▶ Source material
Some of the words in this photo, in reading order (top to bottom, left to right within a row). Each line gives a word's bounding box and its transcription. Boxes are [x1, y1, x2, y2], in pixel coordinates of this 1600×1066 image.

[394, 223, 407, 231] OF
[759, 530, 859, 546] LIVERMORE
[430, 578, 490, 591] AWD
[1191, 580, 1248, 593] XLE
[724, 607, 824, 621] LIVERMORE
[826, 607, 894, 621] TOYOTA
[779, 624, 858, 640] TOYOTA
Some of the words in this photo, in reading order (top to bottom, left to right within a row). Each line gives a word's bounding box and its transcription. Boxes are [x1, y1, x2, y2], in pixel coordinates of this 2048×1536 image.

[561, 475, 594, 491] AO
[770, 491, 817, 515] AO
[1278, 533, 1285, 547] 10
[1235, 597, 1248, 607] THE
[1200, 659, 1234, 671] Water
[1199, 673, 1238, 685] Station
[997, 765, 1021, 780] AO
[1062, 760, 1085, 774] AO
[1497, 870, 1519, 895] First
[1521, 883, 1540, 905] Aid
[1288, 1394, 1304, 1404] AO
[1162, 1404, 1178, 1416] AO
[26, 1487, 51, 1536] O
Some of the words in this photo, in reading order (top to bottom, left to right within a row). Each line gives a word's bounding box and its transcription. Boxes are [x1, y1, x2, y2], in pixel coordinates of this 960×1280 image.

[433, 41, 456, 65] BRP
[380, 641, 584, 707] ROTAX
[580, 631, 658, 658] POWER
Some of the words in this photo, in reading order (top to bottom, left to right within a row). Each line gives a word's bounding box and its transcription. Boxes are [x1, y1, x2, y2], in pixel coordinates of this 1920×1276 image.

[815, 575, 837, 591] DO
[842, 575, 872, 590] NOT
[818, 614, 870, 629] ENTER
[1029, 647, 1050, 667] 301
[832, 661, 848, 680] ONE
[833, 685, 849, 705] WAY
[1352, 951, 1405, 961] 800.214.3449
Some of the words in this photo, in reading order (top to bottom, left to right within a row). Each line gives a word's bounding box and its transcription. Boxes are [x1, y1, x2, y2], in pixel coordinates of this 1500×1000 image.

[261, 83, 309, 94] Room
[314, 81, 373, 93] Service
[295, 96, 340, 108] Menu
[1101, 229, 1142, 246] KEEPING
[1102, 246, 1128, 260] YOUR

▶ Exercise requirements
Lines from the one containing "this 1500×1000 image." through the last line of the data above are the only output wanted; restate them exactly.

▶ Your solution
Some of the words in this photo, in reading order (top to bottom, left to right within a row). Each line gives a word's bounding box and its transcription. Boxes are [x1, y1, x2, y2], in pixel coordinates of this 1500×1000 image.

[261, 83, 309, 94] Room
[314, 81, 373, 93] Service
[295, 96, 340, 108] Menu
[1101, 229, 1142, 246] KEEPING
[1102, 246, 1128, 260] YOUR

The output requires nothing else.